§ WHAT YOU ARE ASKED TO DO
Repeat the listing word for word. No pictures belong in the copy.

§ DATA SHOWN
:::
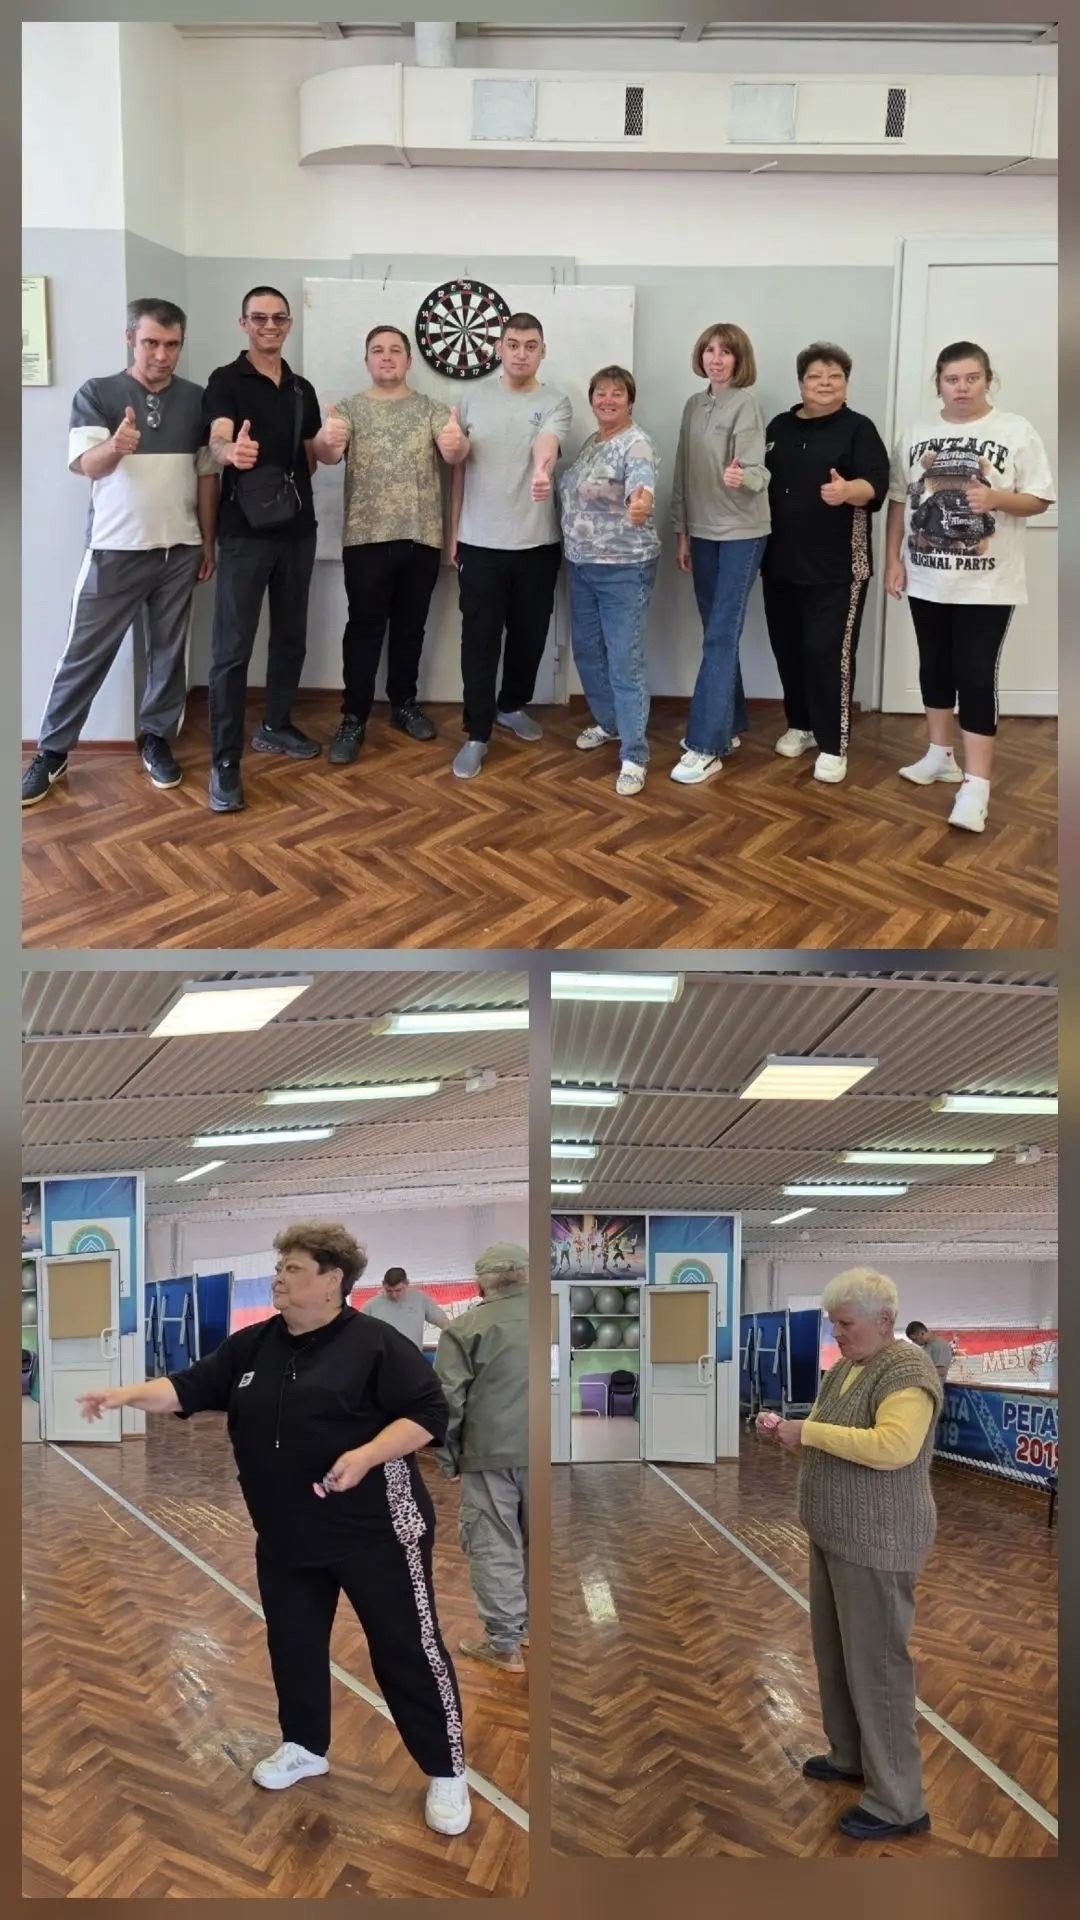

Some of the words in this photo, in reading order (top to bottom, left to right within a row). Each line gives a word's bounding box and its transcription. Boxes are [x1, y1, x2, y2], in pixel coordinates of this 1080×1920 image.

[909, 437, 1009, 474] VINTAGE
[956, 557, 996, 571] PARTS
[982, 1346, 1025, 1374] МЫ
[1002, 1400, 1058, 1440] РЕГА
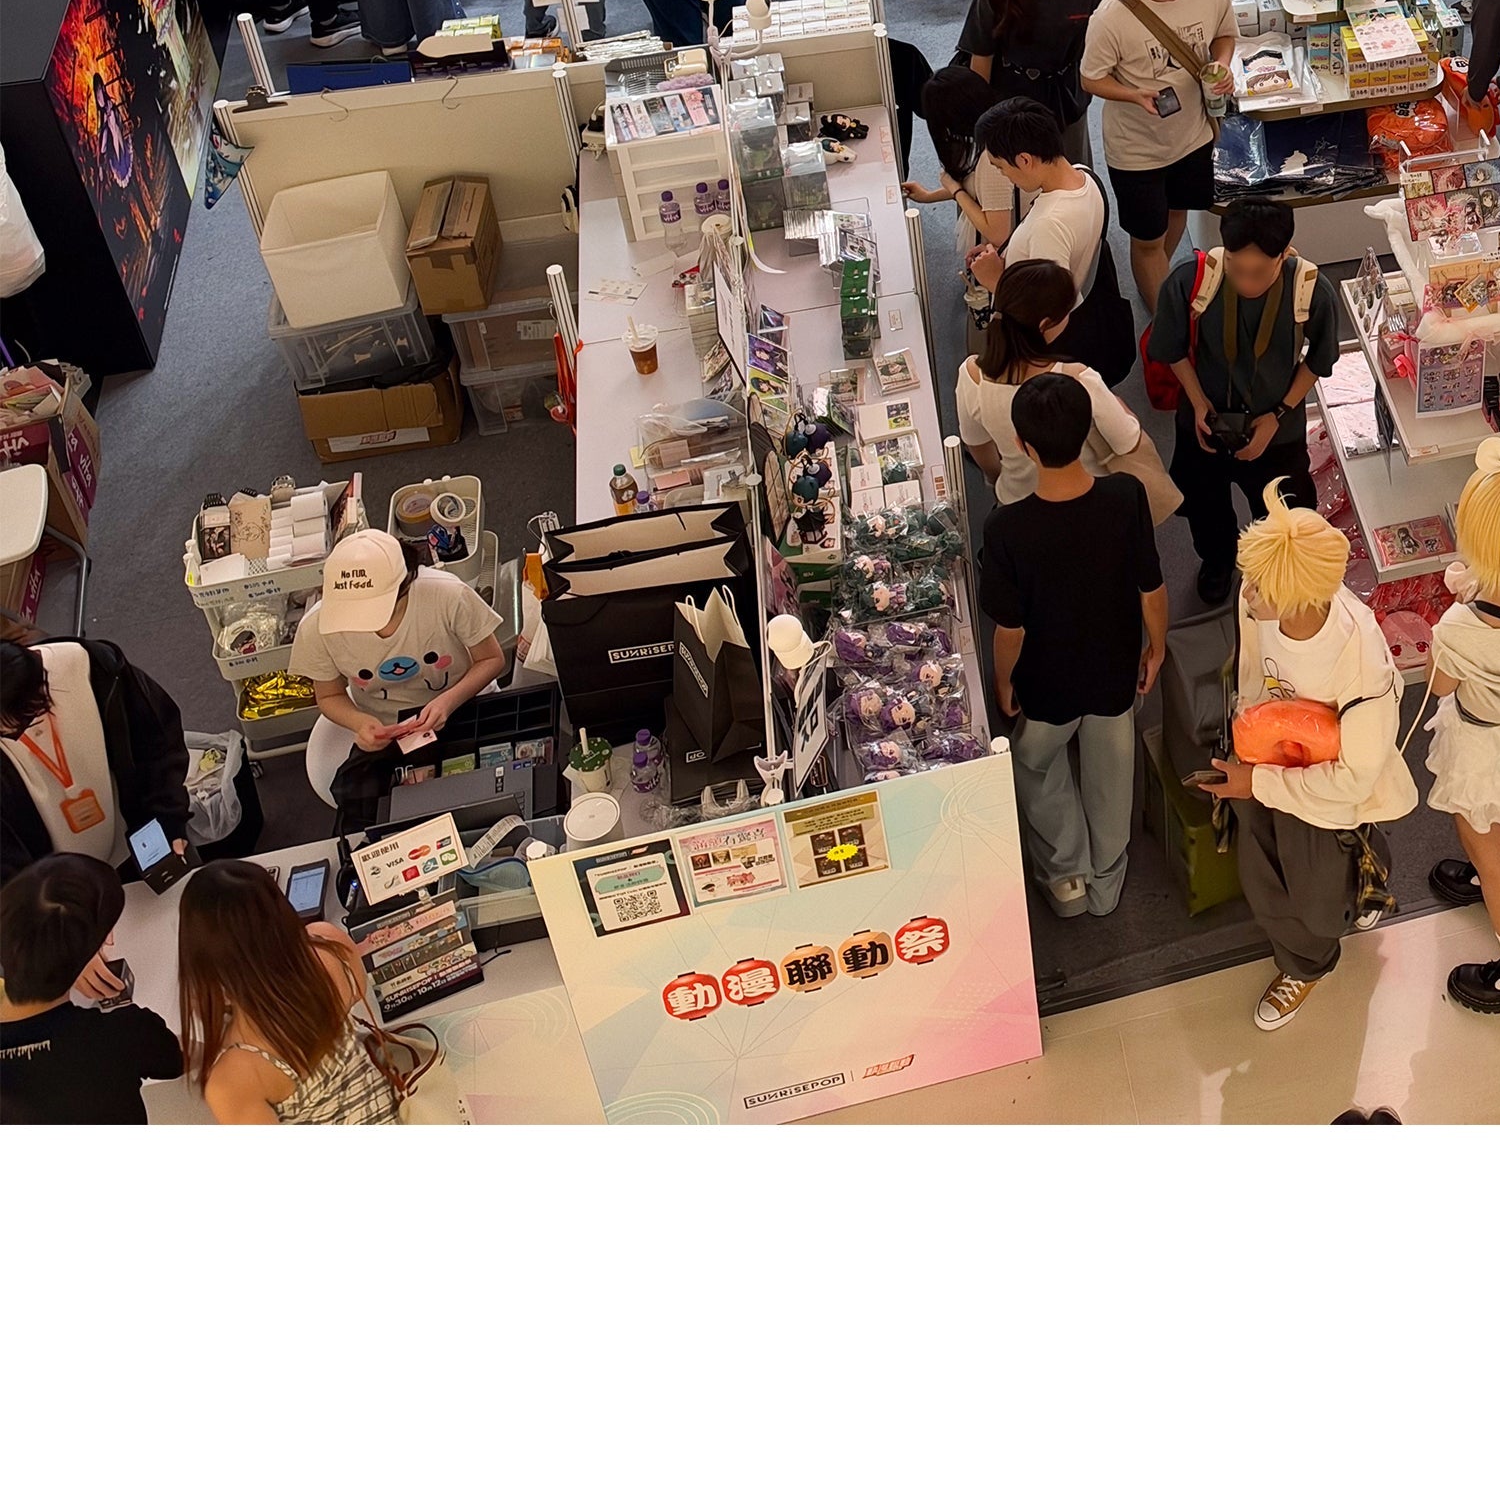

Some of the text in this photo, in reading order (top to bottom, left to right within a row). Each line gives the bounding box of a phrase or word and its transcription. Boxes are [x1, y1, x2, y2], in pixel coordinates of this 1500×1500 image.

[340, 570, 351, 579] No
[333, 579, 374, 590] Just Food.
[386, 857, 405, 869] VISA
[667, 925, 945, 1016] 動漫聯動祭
:::
§ EXERCISE OUTPUT
Some of the words in this photo, in reading order (top to bottom, left to right within a row). Each line gives a word's bounding box and its transcription. Boxes are [x1, y1, x2, y2], in pixel coordinates of this 1080×1920 image.

[909, 437, 1009, 474] VINTAGE
[956, 557, 996, 571] PARTS
[982, 1346, 1025, 1374] МЫ
[1002, 1400, 1058, 1440] РЕГА

Some of the text in this photo, in reading order (top to bottom, left to right within a row). Each line gives the bounding box of a phrase or word and its transcription. Boxes are [x1, y1, x2, y2], in pixel coordinates of this 1500×1500 image.

[340, 570, 351, 579] No
[333, 579, 374, 590] Just Food.
[386, 857, 405, 869] VISA
[667, 925, 945, 1016] 動漫聯動祭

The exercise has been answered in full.